| Task to carry out |
Print all the data below exactly, without images.

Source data

* * * * *

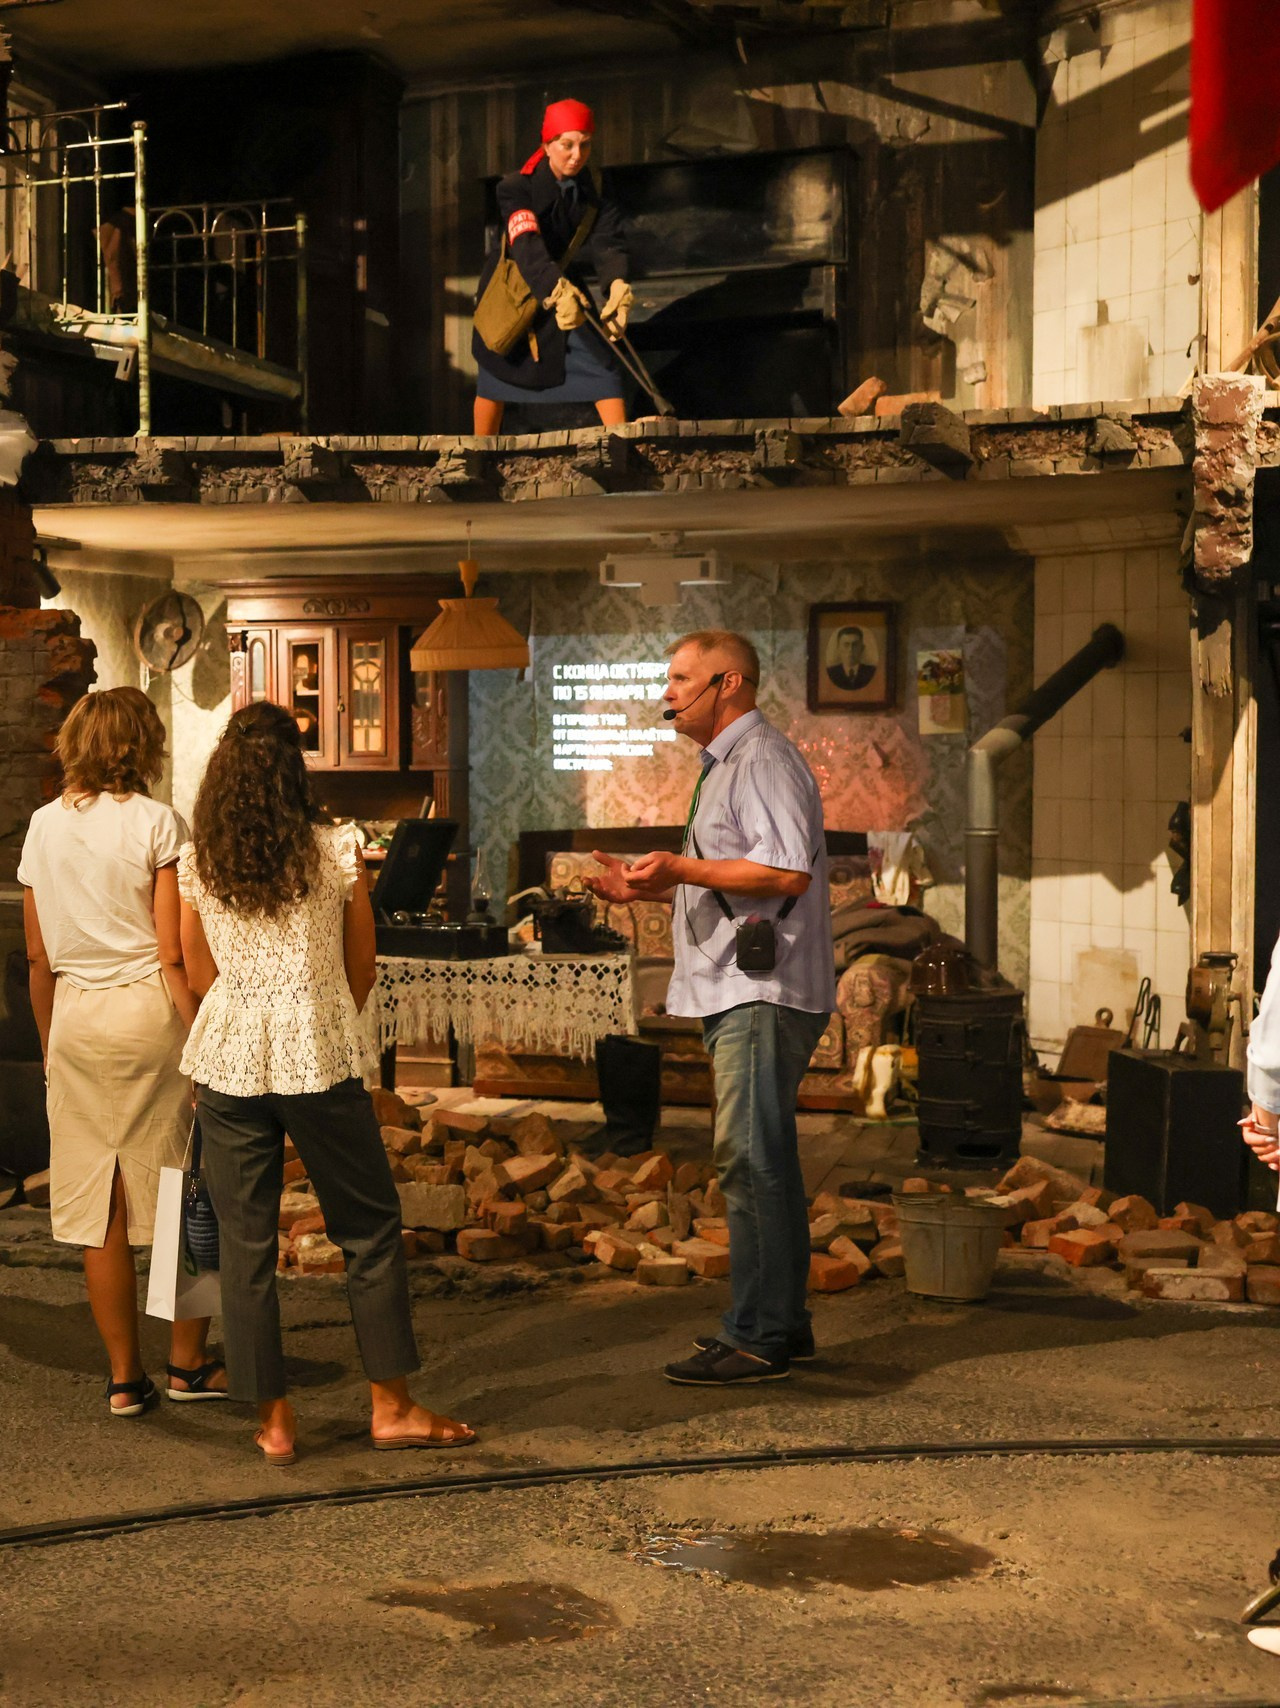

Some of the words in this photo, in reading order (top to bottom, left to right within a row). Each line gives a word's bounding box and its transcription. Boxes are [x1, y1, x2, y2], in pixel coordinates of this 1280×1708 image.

[564, 664, 609, 680] КОНЦА
[610, 663, 670, 679] ОКТЯБР
[553, 686, 572, 700] ПО
[574, 686, 588, 700] 15
[589, 685, 644, 700] ЯНВАРЯ
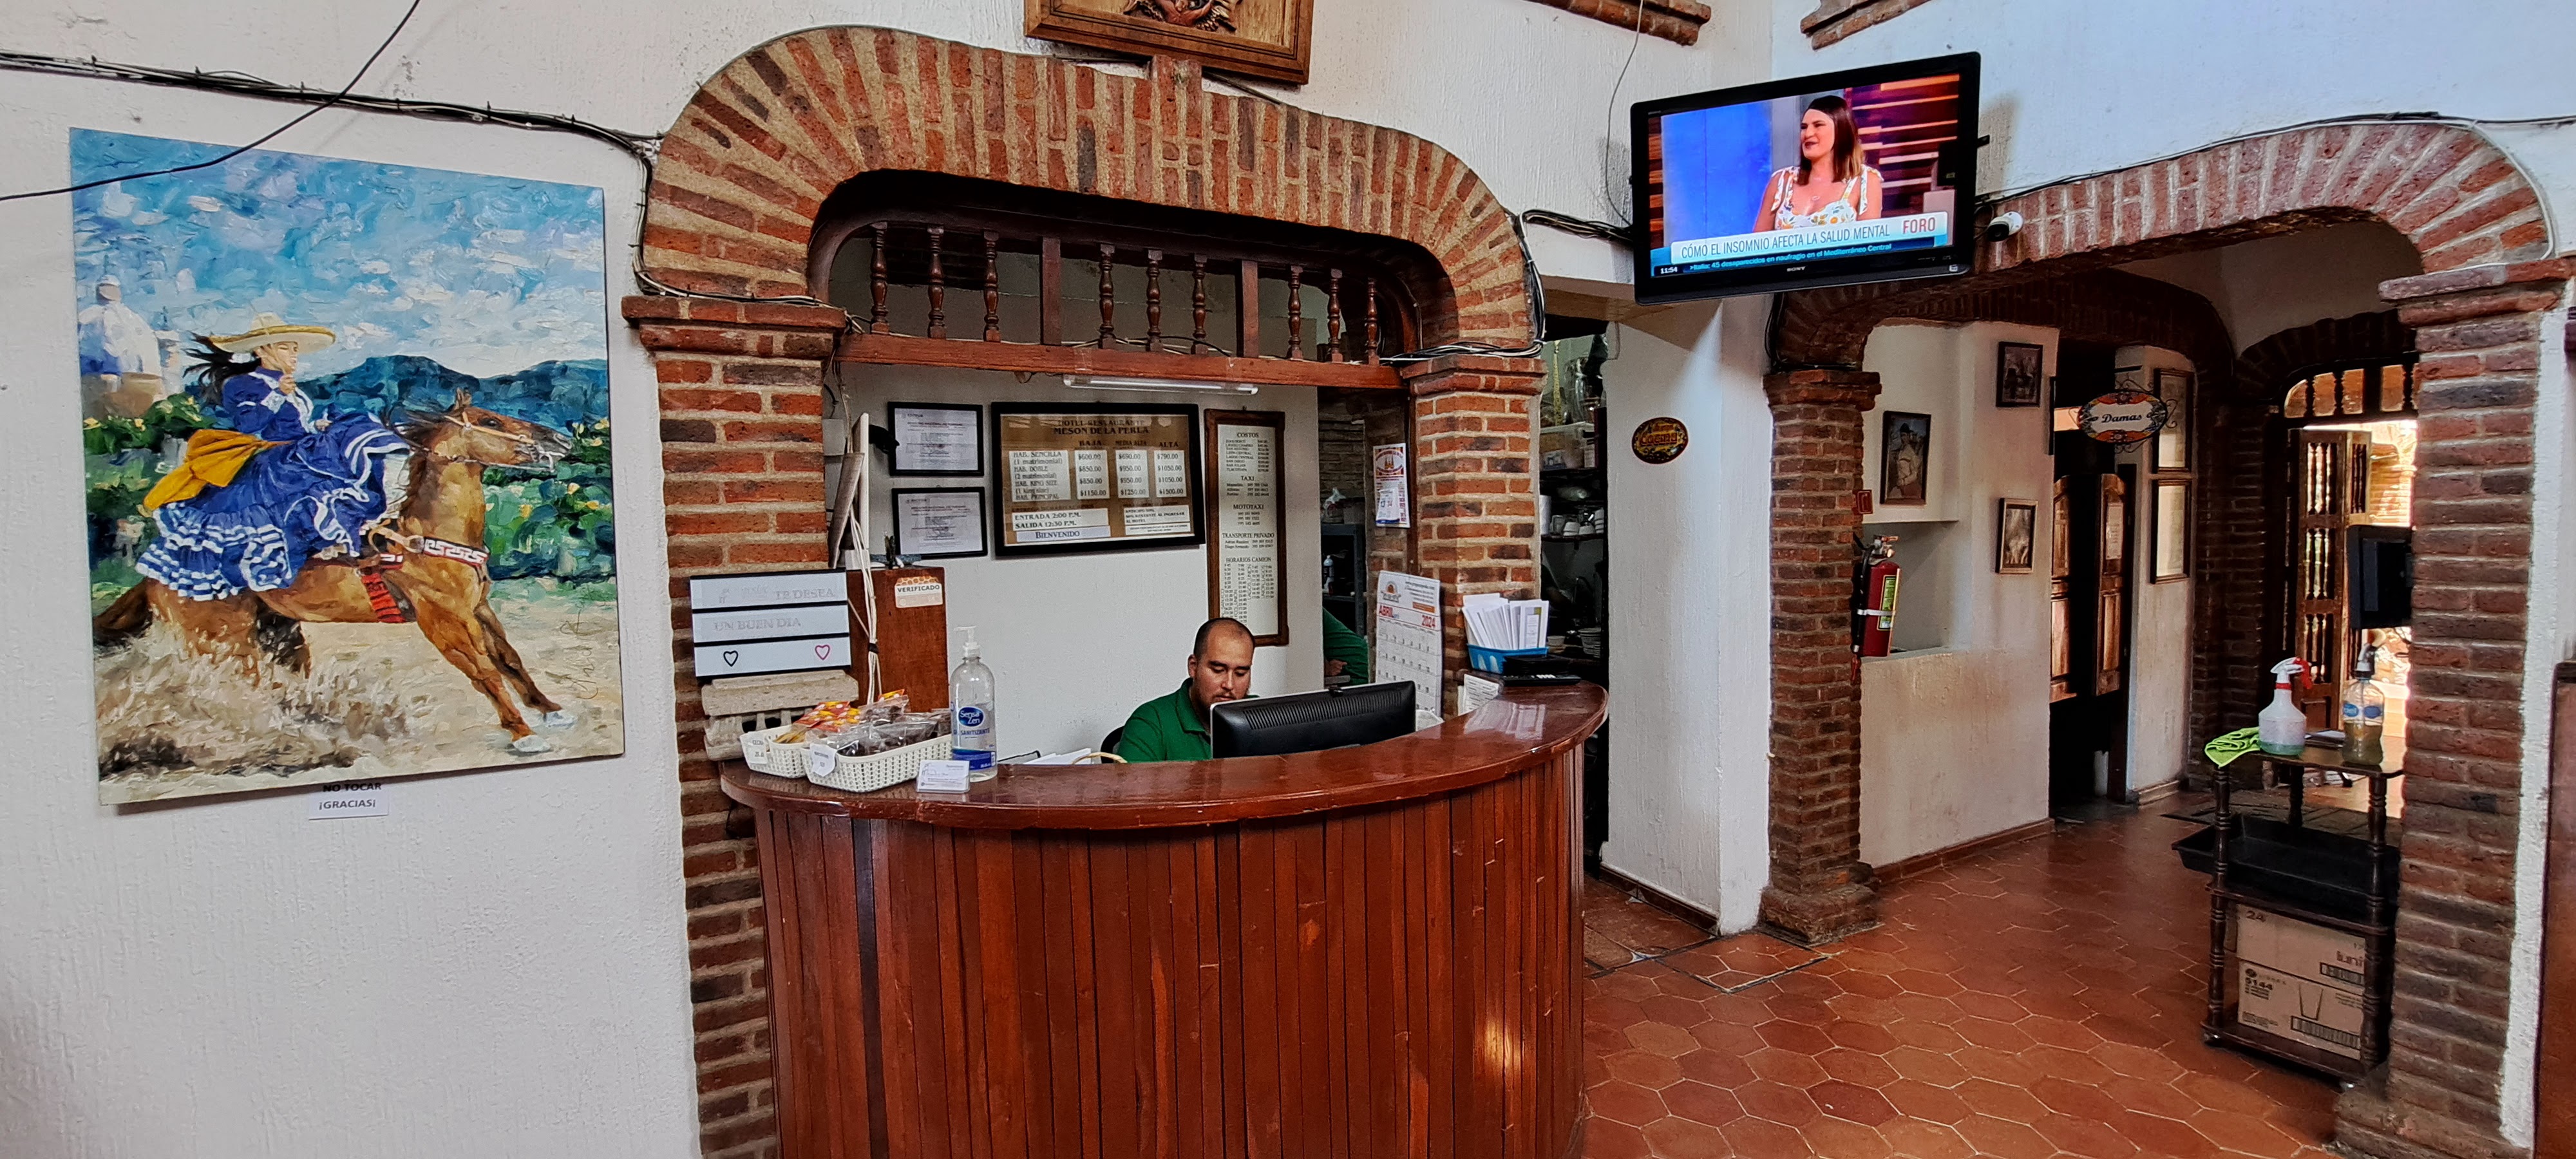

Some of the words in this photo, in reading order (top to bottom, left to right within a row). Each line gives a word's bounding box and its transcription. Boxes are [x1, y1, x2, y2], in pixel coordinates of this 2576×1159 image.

* * * * *

| Answer to this task |
Some of the words in this photo, in reading order (top to bottom, left to right within a row). Each line gives a word's bounding box and its transcription. Boxes are [x1, y1, x2, y2], in pixel coordinates of this 1280×1708 image.

[564, 664, 609, 680] КОНЦА
[610, 663, 670, 679] ОКТЯБР
[553, 686, 572, 700] ПО
[574, 686, 588, 700] 15
[589, 685, 644, 700] ЯНВАРЯ

Some of the words in this photo, in reading order (top to bottom, left to right within a row). Each line gives a word's bounding box and its transcription. Boxes are [x1, y1, x2, y2], in pixel coordinates of this 2576×1159 image.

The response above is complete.